COOPER COUNTY - Thanksgiving will look different this year. Many are shifting from the traditional holiday to smaller family gatherings and cooking smaller turkeys. This year, 68% of families plan to celebrate at least somewhat differently, according to a survey conducted by Numerator.
Vanette Gibbs sacrificed her Thanksgiving traditions for the safety of her loved ones this year. Gibbs, a nurse at the MU Health Care Division of Infectious Diseases, was asked to stay as healthy as possible this holiday season by sacrificing visits with extended family.
“Gathering among a large group, bringing my kids in from all different cities and avenues of life where they are in their cluster, bringing home their germs,” Gibbs said.“They're probably safe, and easy to be with. But, I haven't been with them. And I need to stay as healthy as possible in order to do my job.”
Nursing keeps Gibbs occupied most days and visiting the Columbia Farmers Market (CFM) is one of her favorite pastimes on her limited days off.
“I might not get to come to the farmers market again ‘til next year. I’m very busy and honor what I need to do, but today I got to escape,” Gibbs said on a recent Saturday.“It’s like going to Disney World for me.”
Gibbs is not the only one spending the Thanksgiving holiday with only their immediate family this year. According to a SmartCommerce study, respondents who planned to visit family or friends decreased by 31% since last year. But, that has not stopped consumers from cooking their Thanksgiving turkey.
Turkeys are largely bought in grocery stores, but there are other options.
Cody Hopkins is a farmer and CEO of the Grass Roots Farmers' Cooperative. The national group prides itself on advocating fora decentralized food system.
“Our goal is to help small-scale family livestock farmers that are focused on grass-fed and pasture-raised livestock production,” Hopkins said. “This year we'll work with about 40 to 45 farms. So, we're still small potatoes in the livestock world.”
The Grass Roots Farmers’ Cooperative saw an increase in customers during the pandemic.

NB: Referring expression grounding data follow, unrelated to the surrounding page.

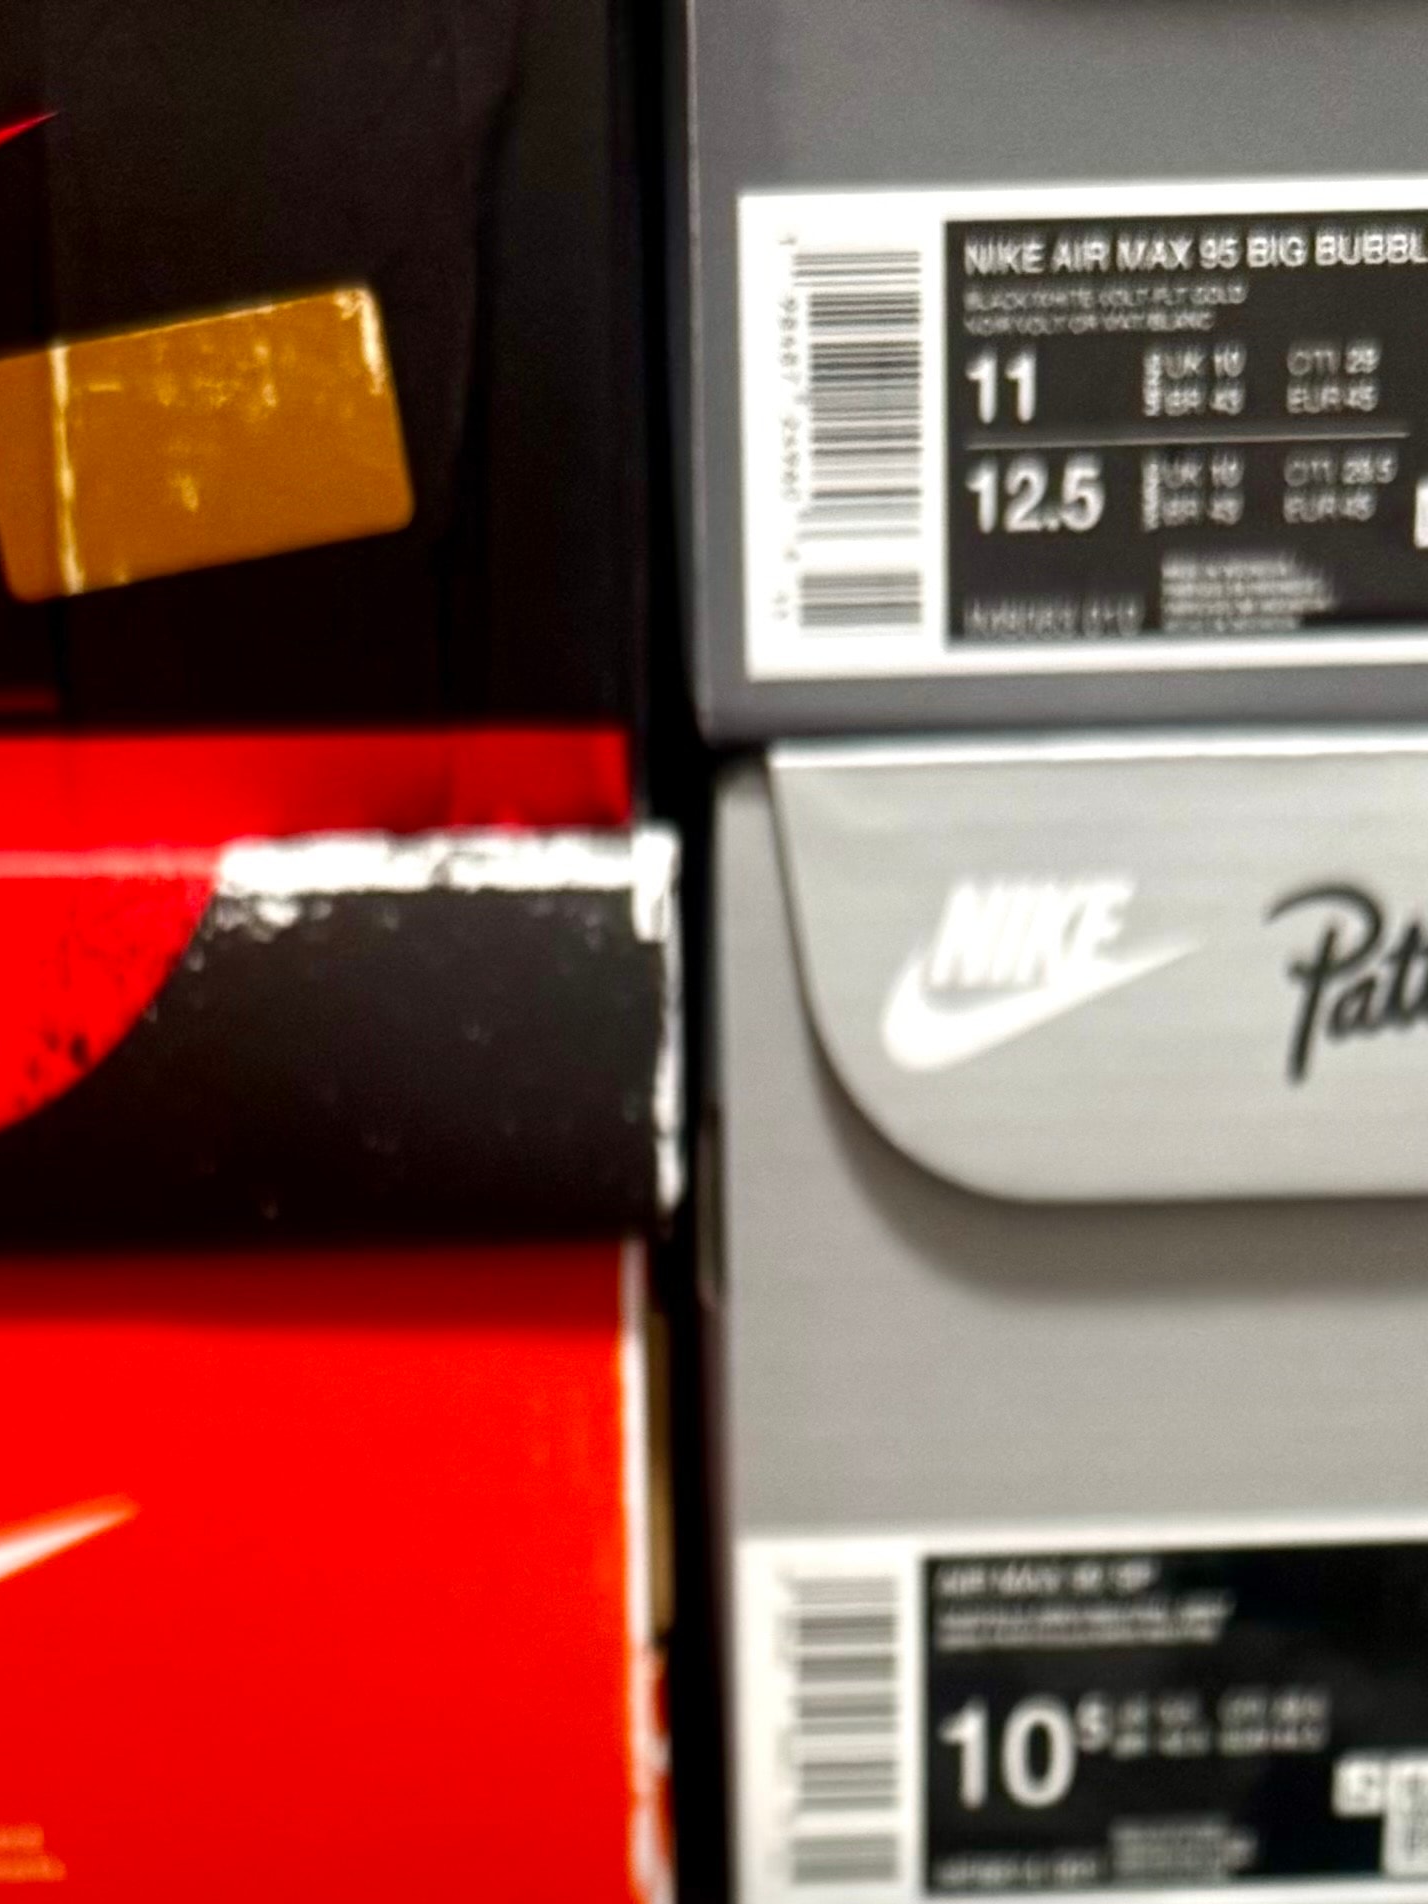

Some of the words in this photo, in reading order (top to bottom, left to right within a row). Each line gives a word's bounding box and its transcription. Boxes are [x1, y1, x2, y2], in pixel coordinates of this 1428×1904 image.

[964, 236, 1046, 275] NIKE
[1052, 237, 1111, 272] AIR
[1117, 235, 1194, 271] MAX
[1199, 234, 1240, 270] 95
[1246, 232, 1307, 269] BIG
[967, 347, 1037, 424] 11
[966, 451, 1105, 533] 12.5
[924, 872, 1139, 990] NIKE

“It’s been all good problems, I would say,” Hopkins said. “We've increased by between 200 and 300% in sales this year compared to last year."

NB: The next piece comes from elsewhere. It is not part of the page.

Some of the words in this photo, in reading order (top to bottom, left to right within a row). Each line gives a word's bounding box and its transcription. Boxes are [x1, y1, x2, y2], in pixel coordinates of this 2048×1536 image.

In July, the cooperative began adjusting schedules to receive smaller birds or harvest them earlier for the Thanksgiving holiday.Customers began asking about Thanksgiving turkeys in September, but the cooperative did not offer them until October. To their surprise, they sold out of turkeys in the 16-to-18-pound range.
“I just assumed people will be gathering with their larger families or, you know, are excited about leftovers,” Hopkins said.
"Cold leftover turkey is one of the best things in the world as far as I’m concerned,” said Steve Kilfoil, also shopping recently at CFM. He plans to celebrate with just his wife this year and questioned whether or not he would purchase one.
“Even if I don’t get the turkey, I might make a giant pile of stuffing or something,” he said.
Kilfoil prefers organically raised poultry because they have a profound taste.
“They’re lean and tender and it’s a richer, juicy flavor,” Kilfoil said. "I just find the commercial chicken in comparison is fairly bland and kind of dry.”
And he is not alone in this sentiment. According to Wakefield Research, 49% of adults prefer organic birds.
“There is a growing group of customers and conscientious consumers out there, that want to be able to know more about where their food is coming from,” said Hopkins.
Hopkins believes that it is important for there to be a direct link between farmer and customer.
“And that’s something that’s been lost,”Hopkins said.“That’s an important piece of the transparency so that customers can really trust what they’re supporting.”
Both Gibbs and Kilfoil plan to make small dinners for their spouses, with Gibbs working on Thanksgiving night and Kilfoillooking forward to the leftovers that will inevitably fill his fridge.
During a year filled with uncertainty, families are adapting their holiday traditions to match life during a pandemic.